Hormon Bozukluğu Belirtileri Nelerdir?
Hormon bozukluğunun belirtileri hormondan hormona ve kişiden kişiye değişiklik gösterebilir. Ancak genel olarak hormon bozukluğunun bazı yaygın belirtileri şunlardır: - Kilo değişimi: Hormon bozukluğu kilo alımına veya kaybına neden olabilir. Özellikle tiroid bezi hastalıkları kilo değişimine yol açar. Hipotiroidi (tiroid bezinin az çalışması) durumunda kilo alma, hipertiroidi (tiroid bezinin fazla çalışması) durumunda kilo kaybı görülebilir. - Tüylenme: Hormon bozukluğu vücuttaki tüylenmeyi arttırabilir veya azaltabilir. Özellikle kadınlarda androjen (erkeklik hormonu) fazlalığı tüylenmeye neden olur. Bu durum polikistik over sendromu veya konjenital adrenal hiperplazi gibi hastalıklarda görülebilir. Erkeklerde ise östrojen (kadınlık hormonu) fazlalığı tüylenmeyi azaltabilir veya göğüs büyümesine neden olabilir. - Cinsel problemler: Hormon bozukluğu cinsel isteği, performansı ve üreme yeteneğini etkileyebilir. Kadınlarda hormon bozukluğu adet düzensizliği, yumurtlama bozukluğu, kısırlık, vajinal kuruluk, ağrılı cinsel ilişki gibi sorunlara neden olabilir. Erkeklerde ise hormon bozukluğu ereksiyon bozukluğu, sperm sayısında azalma, kısırlık, meme büyümesi gibi sorunlara yol açabilir. - Ruh hali değişiklikleri: Hormon bozukluğu ruh halinde dalgalanmalara, depresyona, anksiyeteye, sinirliliğe, uykusuzluğa veya aşırı uyumaya neden olabilir. Özellikle serotonin, dopamin, melatonin gibi hormonlar ruh halini etkiler. Ayrıca kadınlarda menopoz döneminde veya adet öncesi sendromunda hormon dalgalanmaları ruh halini değiştirebilir. - Diğer belirtiler: Hormon bozukluğunun diğer belirtileri arasında baş ağrısı, migren, kas ve eklem ağrıları, kemik erimesi, cilt problemleri, saç dökülmesi, terleme, sıcak basması, yorgunluk, halsizlik, bağışıklık sisteminin zayıflaması gibi durumlar sayılabilir.
Tumblr media
Hormon Bozukluğu
Hormon Bozukluğu Tedavisi Nasıl Yapılır?
Hormon bozukluğu tedavisi hormon bozukluğunun nedenine ve türüne göre değişir.
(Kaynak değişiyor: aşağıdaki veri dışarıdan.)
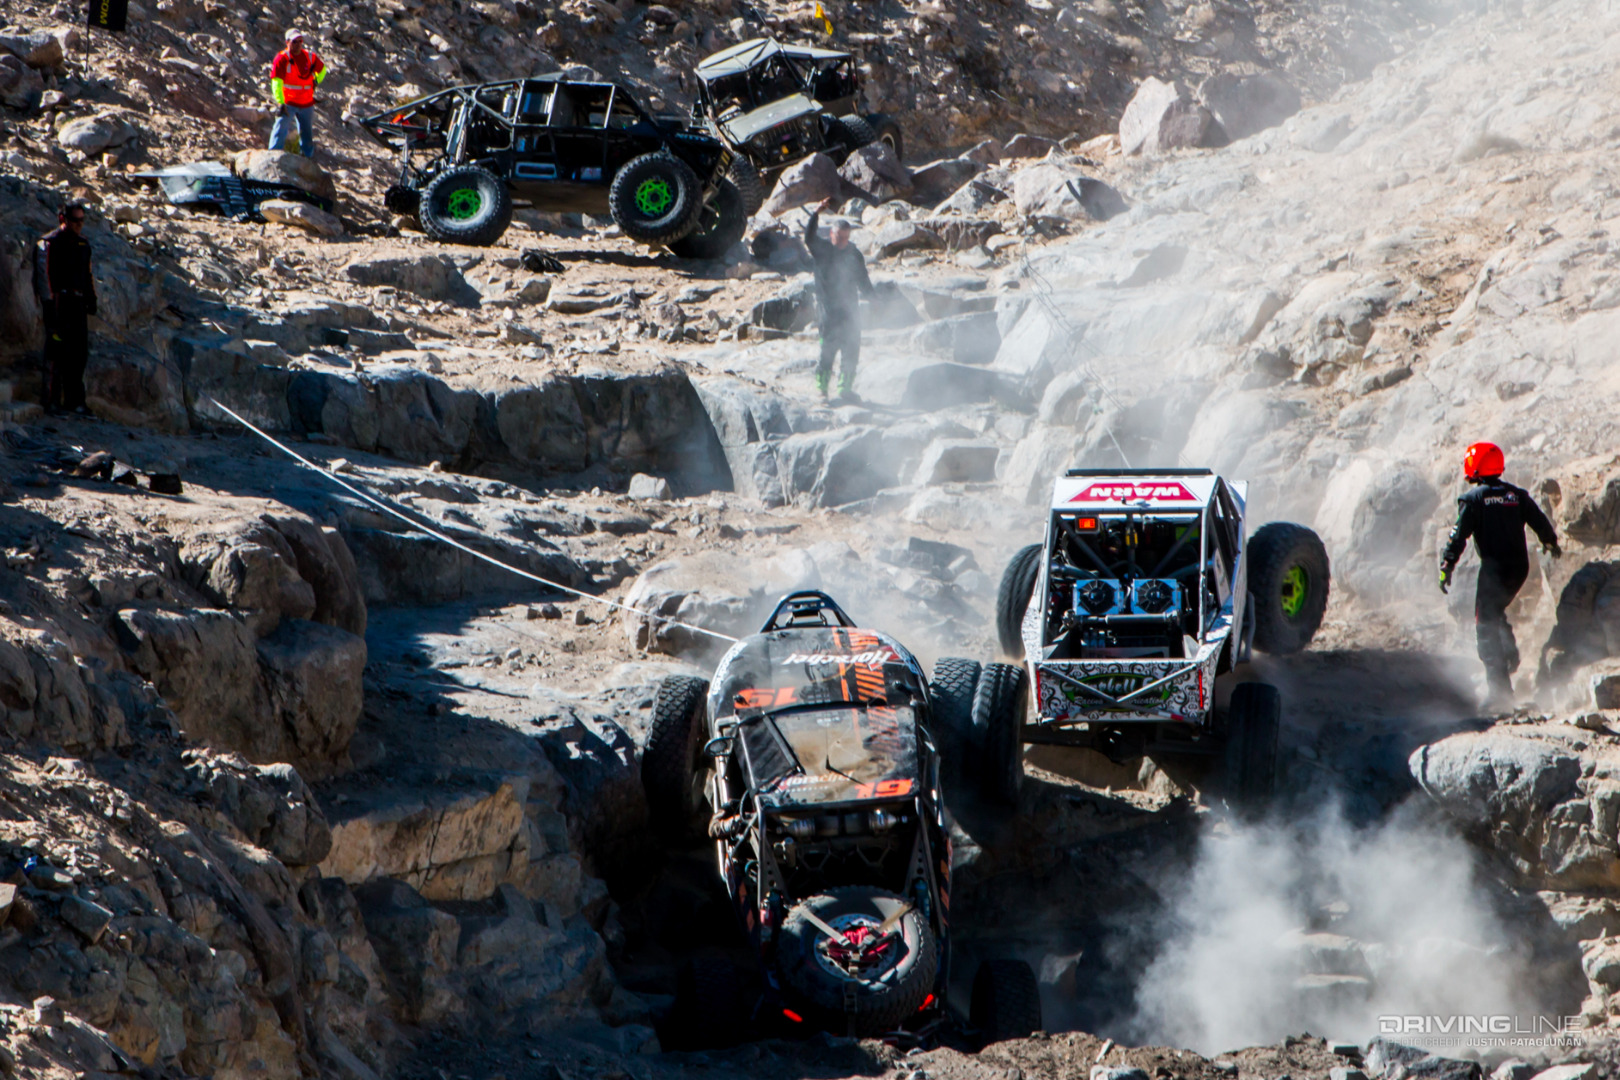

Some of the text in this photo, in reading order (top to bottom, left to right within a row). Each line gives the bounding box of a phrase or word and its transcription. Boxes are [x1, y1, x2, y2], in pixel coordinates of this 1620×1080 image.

[1090, 486, 1180, 498] WARN
[782, 650, 893, 667] Horschel
[734, 686, 798, 709] 19
[855, 779, 914, 799] 19
Hormon bozukluğu tedavisinin temel amacı hormon dengesini sağlamak ve hormon bozukluğunun yol açtığı sorunları gidermektir. Hormon bozukluğu tedavisinde genellikle şu yöntemler kullanılır: - İlaç tedavisi: İlaç tedavisi hormon bozukluğuna neden olan hastalığın tedavisinde veya hormon seviyelerini düzenlemek için kullanılır. Örneğin tiroid bezi hastalıklarında tiroid hormonu ilaçları, polikistik over sendromunda doğum kontrol hapları veya insülin direncini azaltan ilaçlar, menopozda hormon replasman tedavisi (HRT) gibi ilaçlar verilebilir. İlaç tedavisi doktor kontrolünde ve önerilen dozlarda yapılmalıdır. - Cerrahi tedavi: Cerrahi tedavi hormon bozukluğuna neden olan tümörlerin veya kistlerin alınması için uygulanabilir. Örneğin hipofiz bezi tümörleri veya yumurtalık kistleri cerrahi olarak çıkarılabilir. Cerrahi tedavi sonrasında ilaç tedavisine devam edilebilir. - Radyasyon tedavisi: Radyasyon tedavisi hormon bozukluğuna neden olan tümörlerin veya kistlerin küçültülmesi veya yok edilmesi için uygulanabilir. Örneğin tiroid bezi tümörleri veya hipofiz bezi tümörleri radyasyon tedavisi ile tedavi edilebilir. Radyasyon tedavisi sonrasında ilaç tedavisine devam edilebilir. - Yaşam tarzı değişiklikleri: Yaşam tarzı değişiklikleri hormon bozukluğunu önlemek veya tedavi etmek için önemlidir. Yaşam tarzı değişiklikleri arasında şunlar yapılabilir: - Sağlıklı ve dengeli beslenmek: Hormon bozukluğunu önlemek veya azaltmak için sağlıklı ve dengeli beslenmek gerekir. Şekerli, işlenmiş, yağlı ve katkılı gıdalardan uzak durmak, sebze, meyve, tam tahıl, baklagil, yağsız protein ve sağlıklı yağlar tüketmek faydalıdır.
Kromozoma Bağlı Hormon Bozukluğu Nedir?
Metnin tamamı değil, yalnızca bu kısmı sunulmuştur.